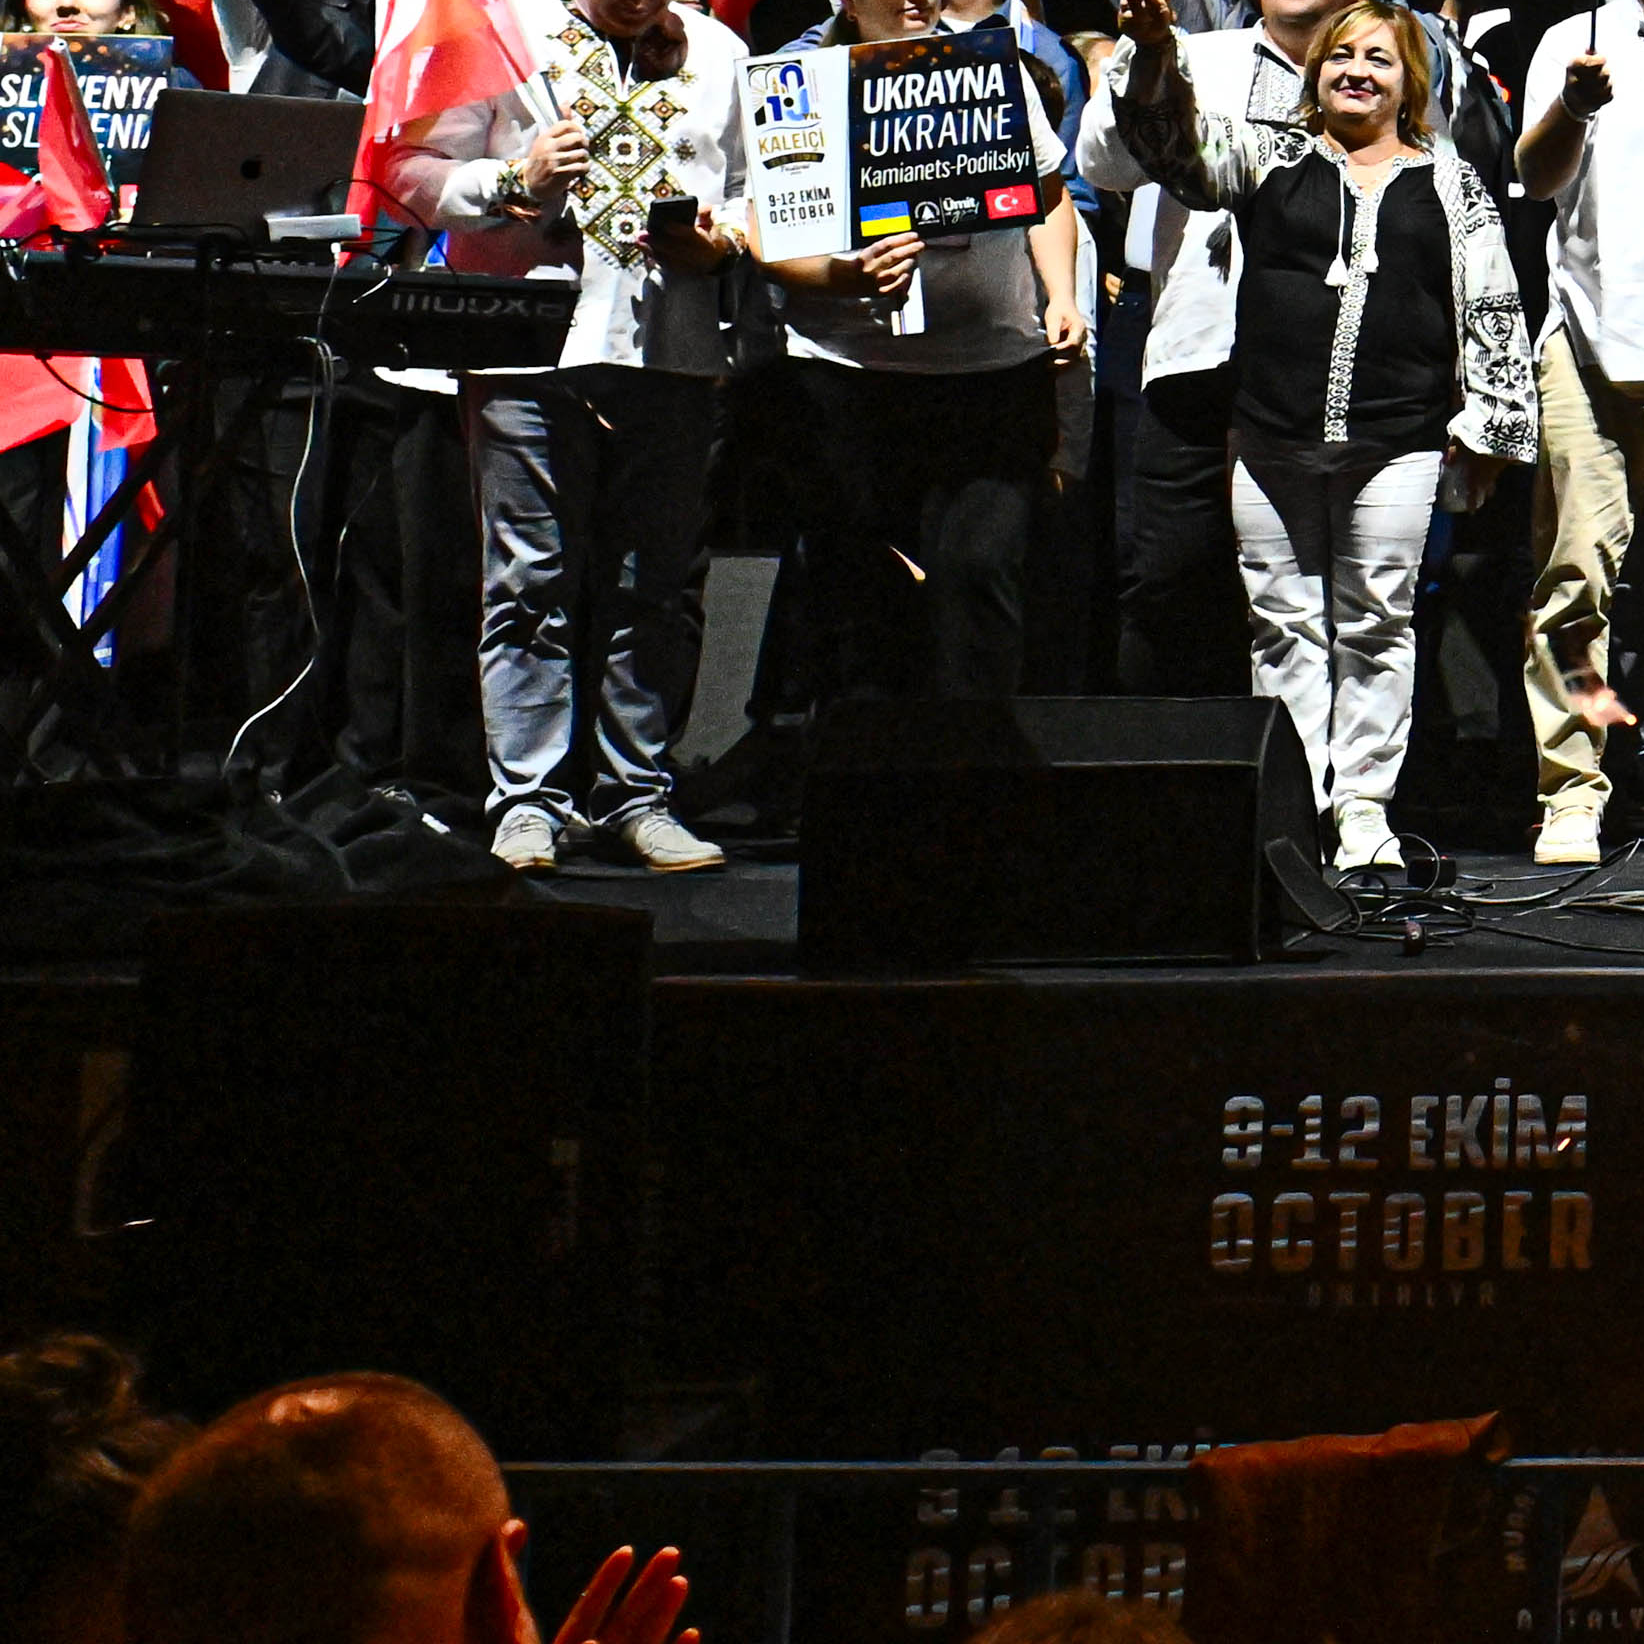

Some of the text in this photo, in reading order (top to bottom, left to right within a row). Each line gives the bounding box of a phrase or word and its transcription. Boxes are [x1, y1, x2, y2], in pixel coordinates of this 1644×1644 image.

[863, 63, 1005, 114] UKRAYNA
[758, 129, 825, 155] KALEİÇİ
[869, 103, 1013, 157] UKRAINE
[860, 145, 1031, 189] Kamianets-Podilskyi
[768, 186, 831, 208] 9-12 EKİM
[769, 203, 835, 224] OCTOBER
[1221, 1076, 1589, 1171] 9-12 EKİM
[1209, 1189, 1594, 1275] OCTOBER
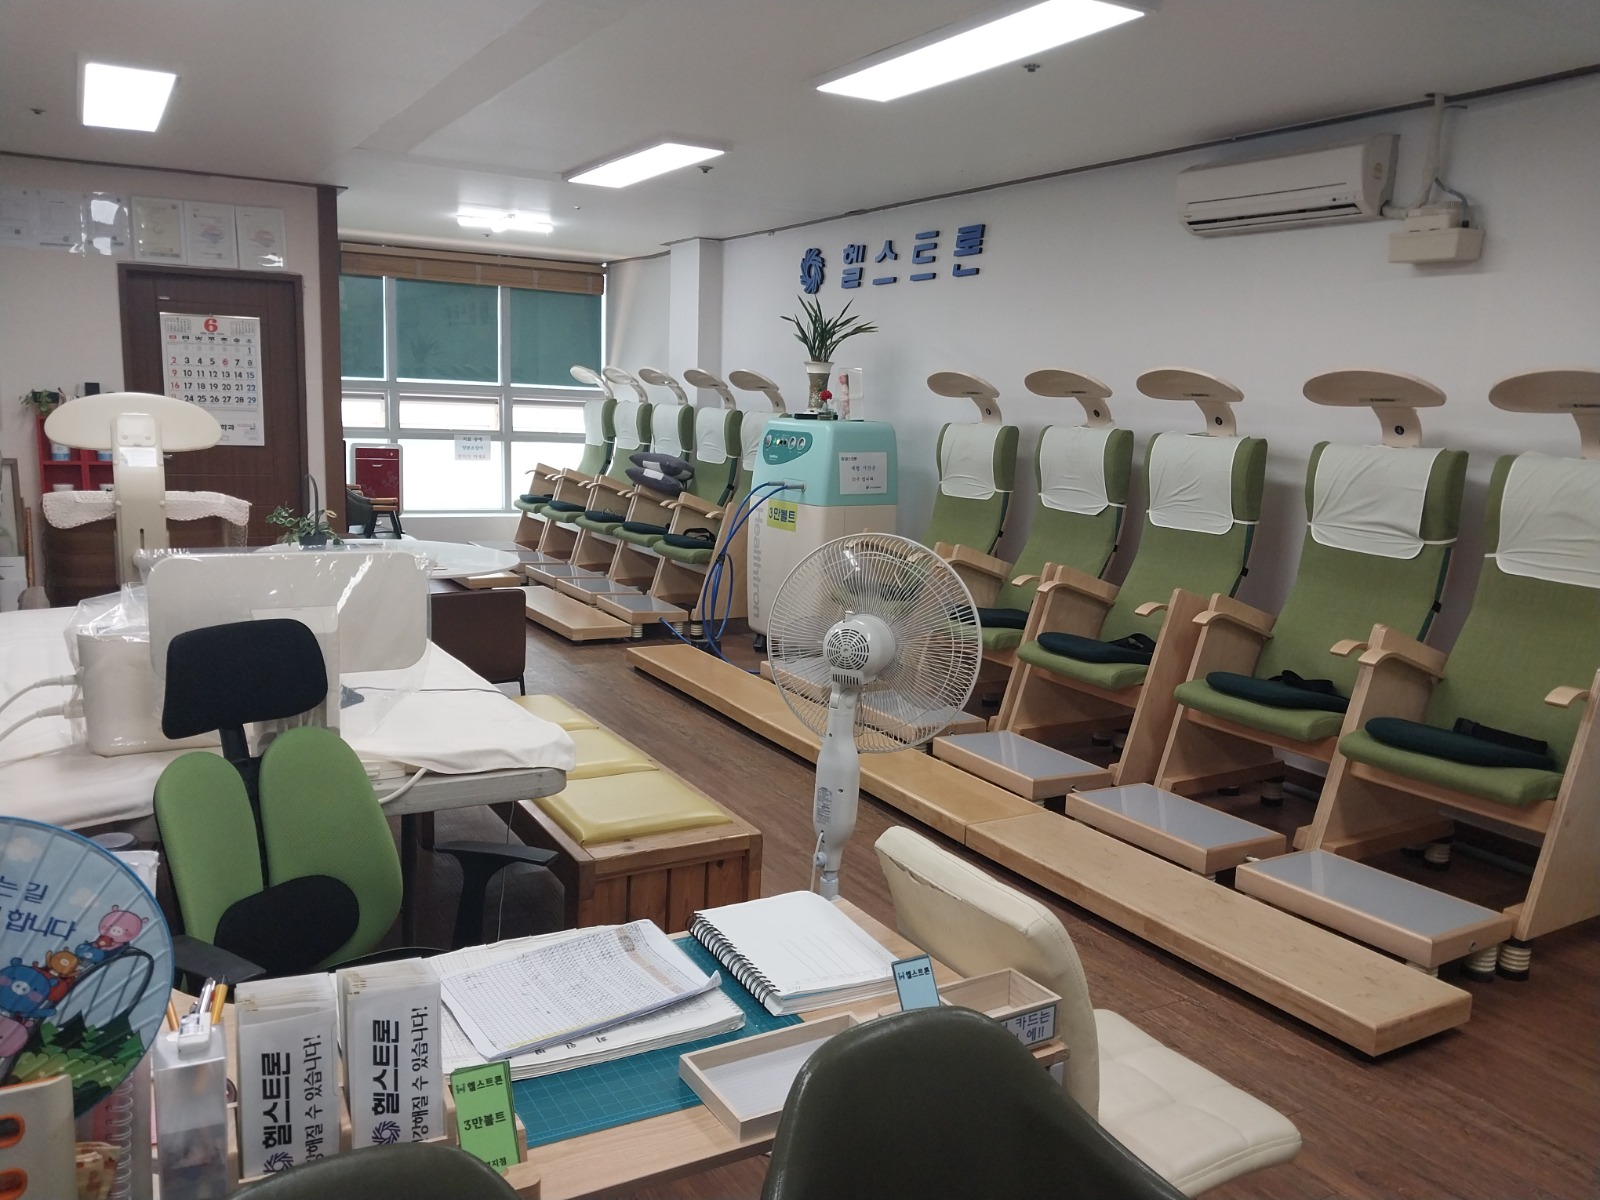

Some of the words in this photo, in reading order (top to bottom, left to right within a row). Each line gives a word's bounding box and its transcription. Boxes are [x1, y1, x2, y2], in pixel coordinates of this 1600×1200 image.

[841, 223, 986, 289] 헬스트론
[204, 318, 218, 333] 6
[184, 357, 190, 365] 3
[197, 357, 203, 365] 4
[222, 358, 228, 366] 6
[172, 369, 177, 377] 9
[183, 369, 193, 377] 10
[208, 370, 218, 378] 12
[246, 384, 256, 392] 22
[197, 395, 207, 403] 25
[246, 396, 257, 404] 29
[769, 507, 796, 524] 3만볼트
[753, 507, 764, 619] Healthtron
[24, 882, 48, 904] 길
[6, 909, 76, 941] 합니다
[906, 967, 930, 980] 헬스트론
[1016, 1012, 1050, 1030] 카드는
[411, 1006, 429, 1072] 있습니다!
[303, 1035, 322, 1101] 있습니다!
[371, 1019, 400, 1116] 헬스트론
[412, 1076, 429, 1090] 수
[467, 1075, 503, 1092] 헬스트론
[261, 1052, 292, 1149] 헬스트론
[305, 1104, 323, 1120] 수
[464, 1111, 506, 1131] 3만볼트
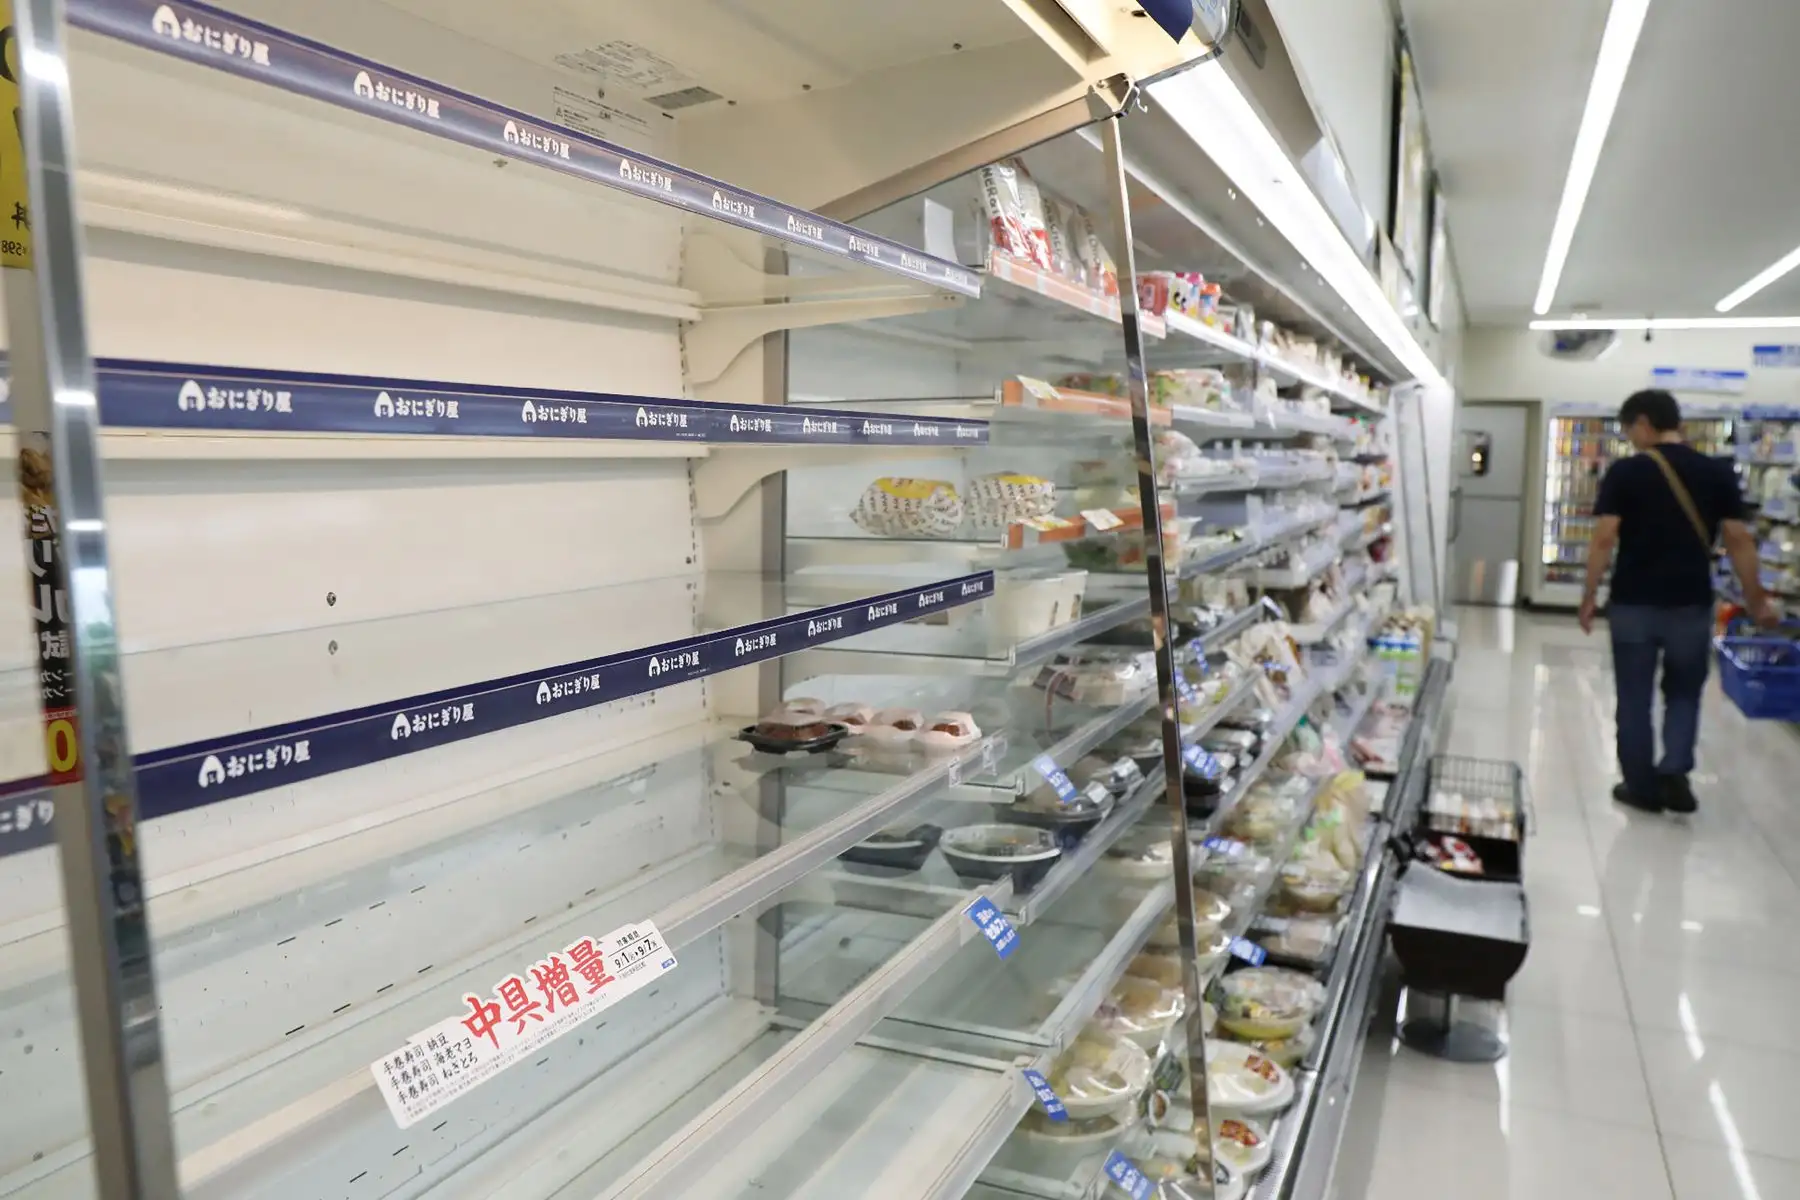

■ What is expected
Repeat the full listing above exactly, with no pictures in the copy.

■ Output for this exercise
Some of the text in this photo, in reading order (top to bottom, left to right within a row). Each line gives the bounding box of a phrase or word and its transcription. Boxes are [x1, y1, x2, y2], in pixel coordinates of this 1644×1644 image.

[863, 63, 1005, 114] UKRAYNA
[758, 129, 825, 155] KALEİÇİ
[869, 103, 1013, 157] UKRAINE
[860, 145, 1031, 189] Kamianets-Podilskyi
[768, 186, 831, 208] 9-12 EKİM
[769, 203, 835, 224] OCTOBER
[1221, 1076, 1589, 1171] 9-12 EKİM
[1209, 1189, 1594, 1275] OCTOBER

Some of the words in this photo, in reading order (top to bottom, left to right within a row). Each line gives a word's bounding box and its transcription. Boxes are [x1, y1, x2, y2], in pixel coordinates of this 1600×1200 image.

[841, 223, 986, 289] 헬스트론
[204, 318, 218, 333] 6
[184, 357, 190, 365] 3
[197, 357, 203, 365] 4
[222, 358, 228, 366] 6
[172, 369, 177, 377] 9
[183, 369, 193, 377] 10
[208, 370, 218, 378] 12
[246, 384, 256, 392] 22
[197, 395, 207, 403] 25
[246, 396, 257, 404] 29
[769, 507, 796, 524] 3만볼트
[753, 507, 764, 619] Healthtron
[24, 882, 48, 904] 길
[6, 909, 76, 941] 합니다
[906, 967, 930, 980] 헬스트론
[1016, 1012, 1050, 1030] 카드는
[411, 1006, 429, 1072] 있습니다!
[303, 1035, 322, 1101] 있습니다!
[371, 1019, 400, 1116] 헬스트론
[412, 1076, 429, 1090] 수
[467, 1075, 503, 1092] 헬스트론
[261, 1052, 292, 1149] 헬스트론
[305, 1104, 323, 1120] 수
[464, 1111, 506, 1131] 3만볼트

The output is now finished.